Lucy considered it for a long, fateful moment, then sighed and shook her head. “No, we better not. If we do and she ever gets off that Luminosita-damned lump, she’ll come looking for us, and she’s an elf, she has all the time in the world to find us. When she does, she’ll kill us all. Slowly.” (The helmsman shuddered despite himself.) “No, we better go through with this. But be ready to engage the – special drive. Even at half power, it’s better than nothing, and we may need –“

Nikolai’s device functioned.

=*=*=

The two men on the dwarven assault boat/catamaran didn’t need the spyglass to see the burst of magical flame rise into the air. Marson’s response was a loud “WHEEE! FIREWORKS!” and a Marsonesque grin. Tomas’ reaction was … different. He cranked the wheel hard ‘aport, and the boat started to come about with surprising agility.
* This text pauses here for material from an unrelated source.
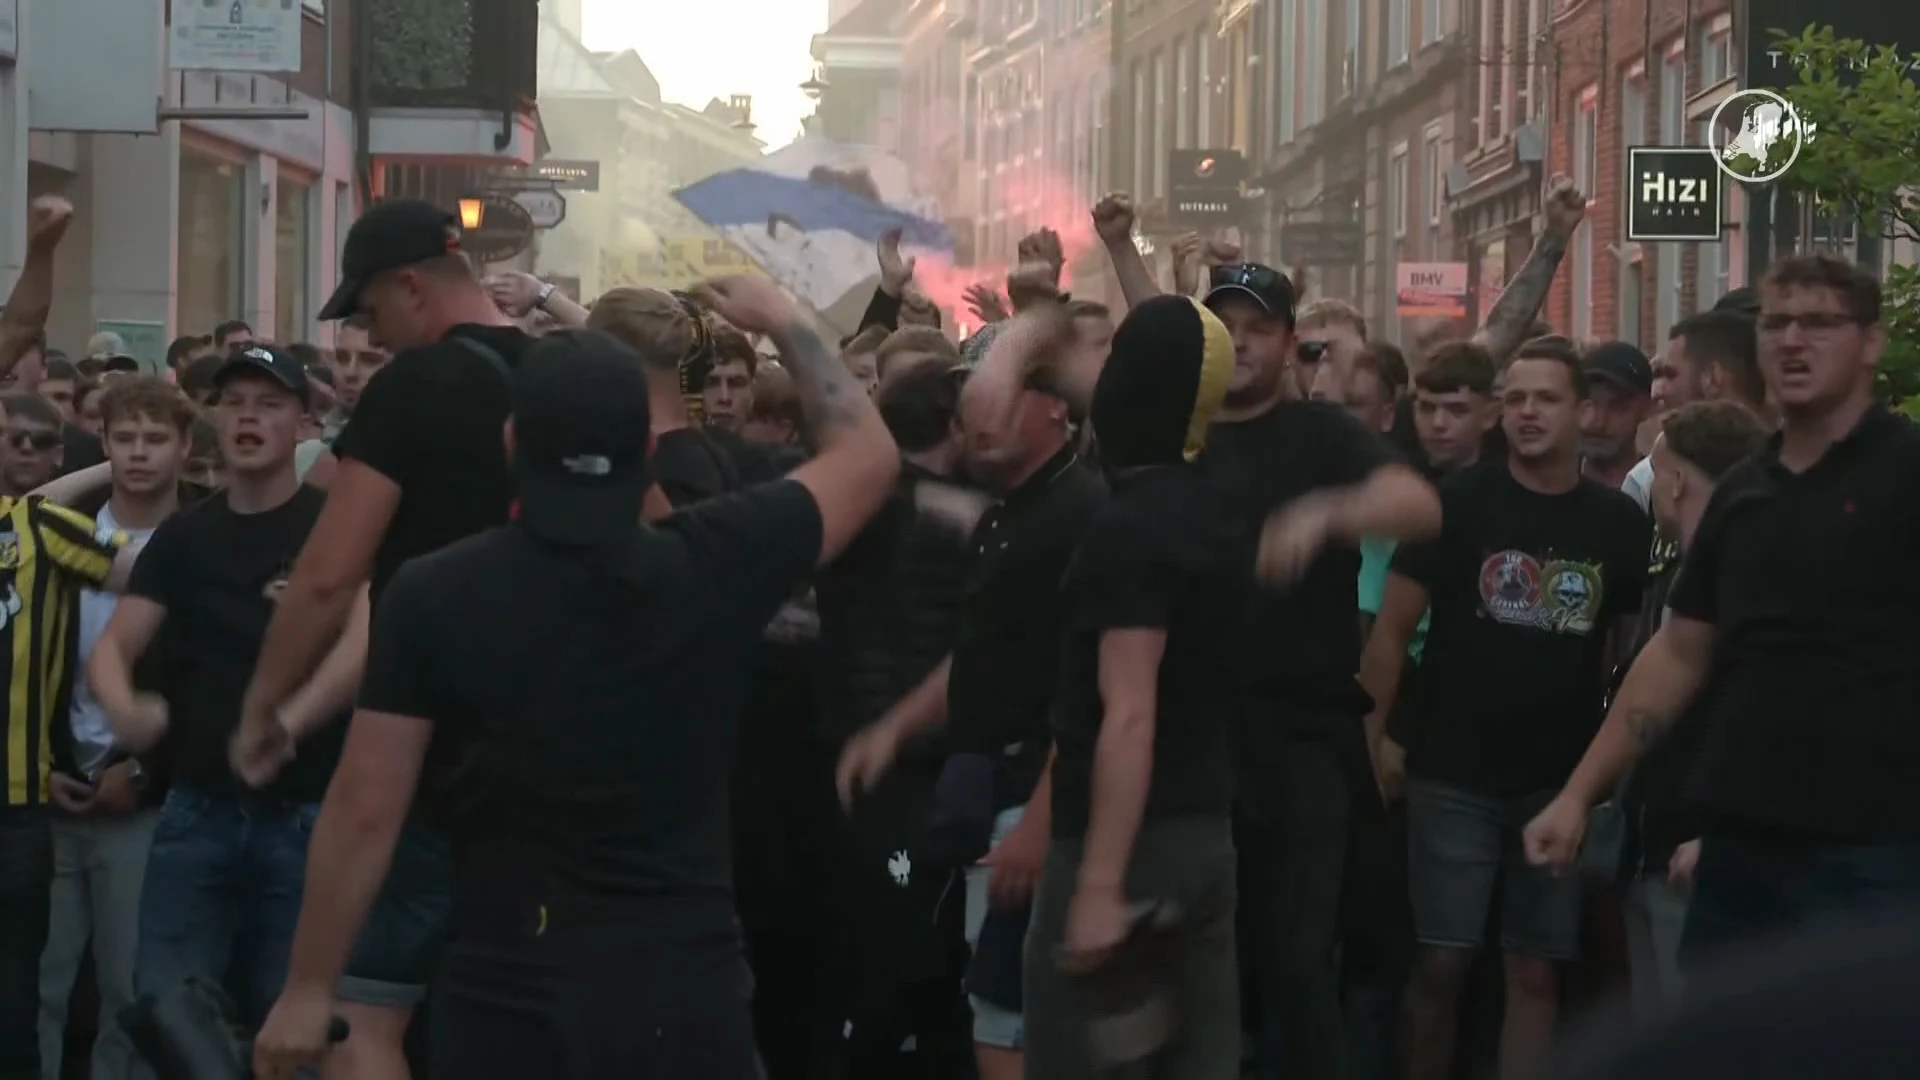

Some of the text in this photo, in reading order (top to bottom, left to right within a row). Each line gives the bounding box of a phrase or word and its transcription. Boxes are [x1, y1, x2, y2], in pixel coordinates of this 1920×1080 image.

[1643, 171, 1707, 202] HIZI
[1652, 207, 1700, 217] HAIR
[1410, 272, 1444, 286] BMV
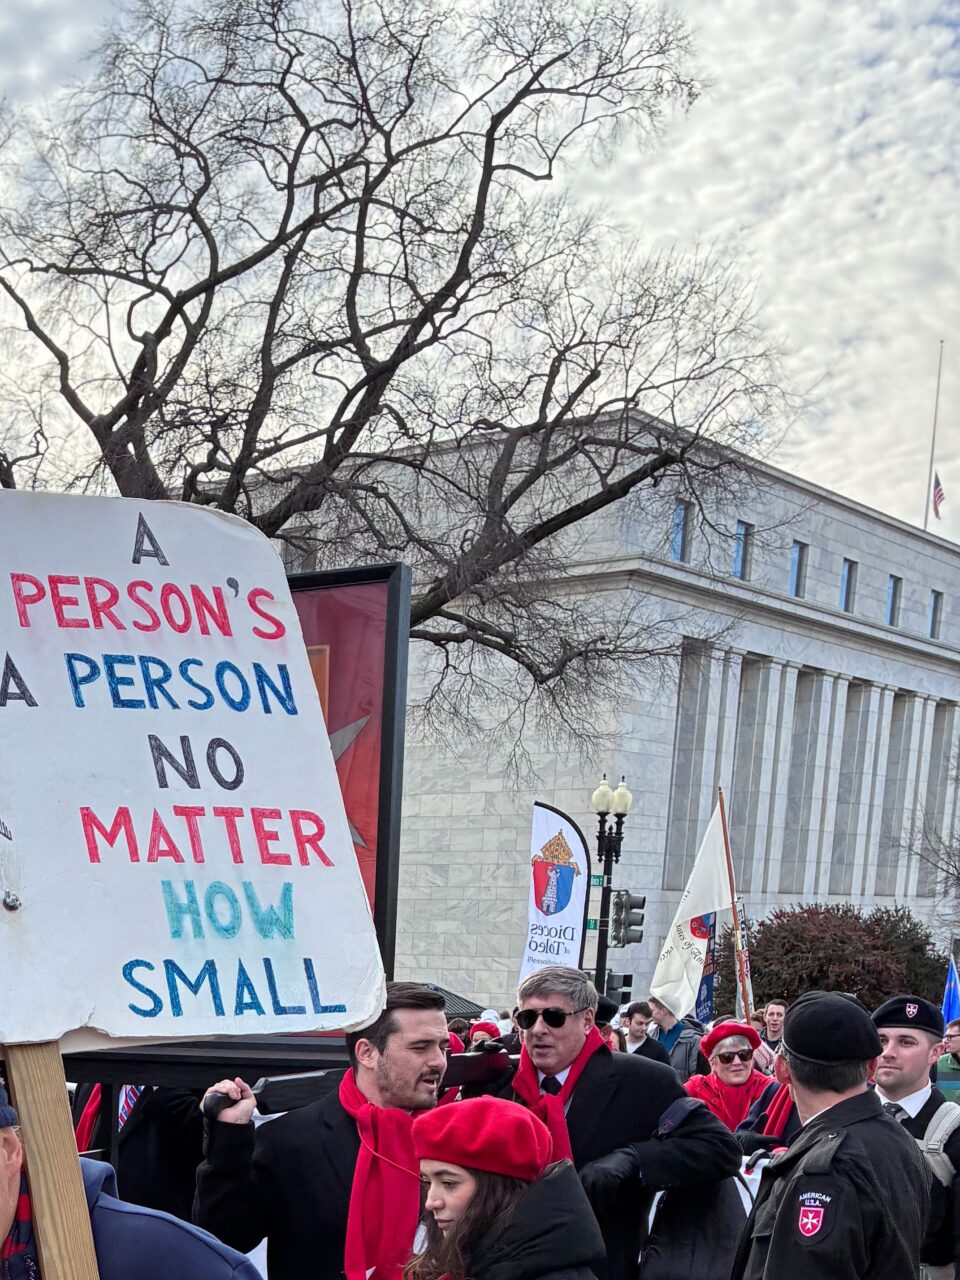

Marson lost his bearings for just a second, but recovered soon enough. “TOMAS!” he bellowed. “What in Luminosita’s big yellow jockstrap d’ye think you’re doin’?”

The helmsman’s jaw was set. “Preparing to pick up survivors,” he said coldly. “The law of the sea.”

Marson’s eyes widened. “But Argie an’ his wife are waitin’ for us! And they’re the payin’ customers on this trip.”

“They can wait.”

Marson flushed. “Like hell they can!” he roared. “We’re comin’ back about, right NOW! I’m givin’ you an order, an’ –“

He broke off, noticing that Tomas had palmed a small pistol somewhere, and that the pistol was now aimed in the general direction of his pancreas.

“The law of the sea,” Tomas repeated. “Never abandon a shipwreck without searching for survivors. If you don’t like it, you can swim … sir.”

Marson was no fool. He also was unarmed. “Well … I s’pose Argie an’ Rose will understand a little delay. Make it so.” He had to recover some face, after all. Tomas said nothing, but the boat came about and started to retrace its path, back toward where magical flames rose above the horizon.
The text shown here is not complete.